The ADA-EASD Consensus Report draws on 479 published papers over the past four years to develop strategies for health care providers in treating adults with type 2 diabetes. The report focuses on an individual treatment plan considering health history, weight, heart and kidney health, costs of care, and individual preferences, which is a welcome emphasis on patient-centric care.
For the first time, the ADA-EASD Consensus Report provides specific drug recommendations based on an individual’s health profile and history. Notably, the new guidelines prefer GLP-1 agonists (Victoza, Ozempic, Bydureon, Trulicity) and SGLT-2 inhibitors (Jardiance, Farxiga, Invokana, Steglatro) over insulin after starting on metformin. Specifically:
SGLT-2 inhibitors are recommended for those with chronic kidney disease
GLP-1 agonists are recommended as the first injectable medication for most adults with type 2 diabetes
Although we would have liked to see a bigger focus on technology (particularly CGM), it is good to see that ADA and EASD are working together on individualizing diabetes treatment approaches.
The Outcomes Beyond A1C movement was prominently featured at this year’s EASD. In particular, Professor Thomas Danne of the Diabetes Centre for Children and Adolescents in Germany advocated for a shift in the way we approach diabetes care – moving away from A1C and toward glucose variability.
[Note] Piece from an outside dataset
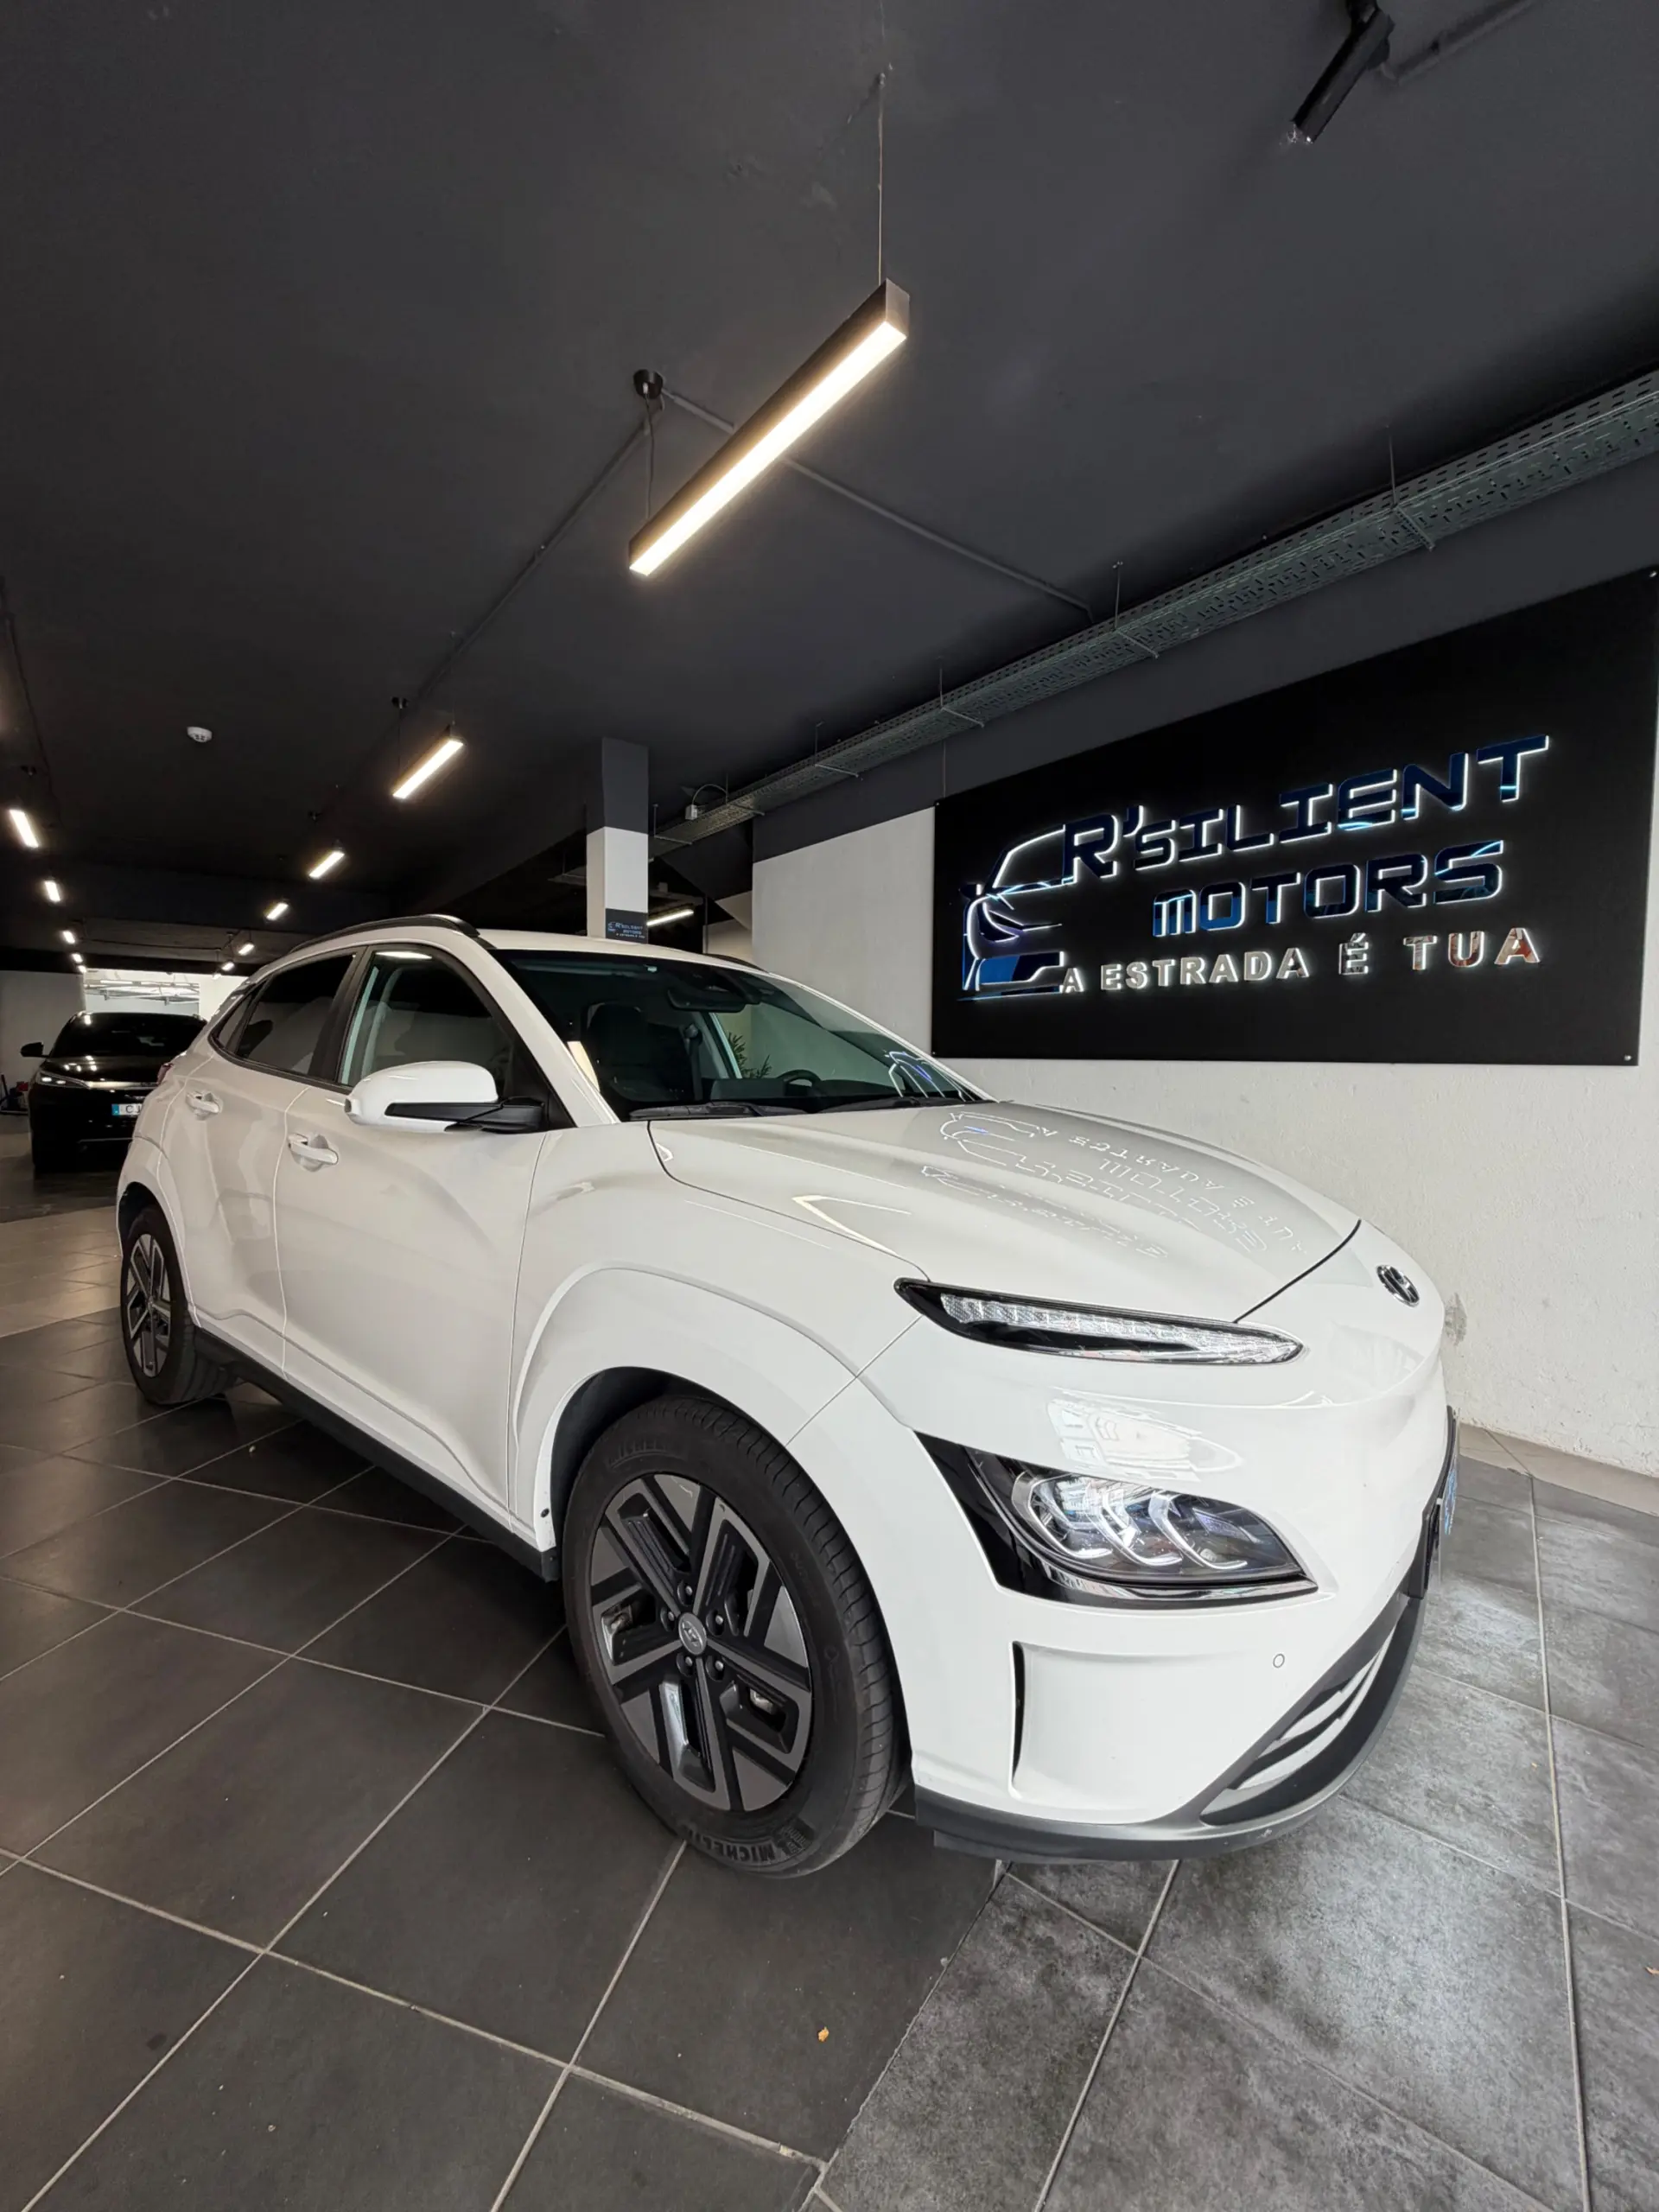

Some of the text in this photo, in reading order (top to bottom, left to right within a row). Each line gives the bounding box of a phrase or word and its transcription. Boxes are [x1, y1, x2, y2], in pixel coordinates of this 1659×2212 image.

Unlike A1C, glucose variability captures what the daily experience of a person with diabetes is, while providing critical information for patients, health care providers, and regulators.
A key component of glucose variability is access to CGM, which enables patients and their health care providers to see a more complete picture of daily blood glucose fluctuations. Professor Danne argued that time-in-range (currently agreed upon as time spent between 70-180 mg/dl – read more here) is a more relevant measure than A1C, especially in distinguishing the time spent below range (i.e., in hypoglycemia). In fact, Professor Danne recommended that time-in-range be reported like blood pressure, with one number representing time-in-range and the other representing time-below-range (e.g., 54%/15%) to emphasize the importance of both measures.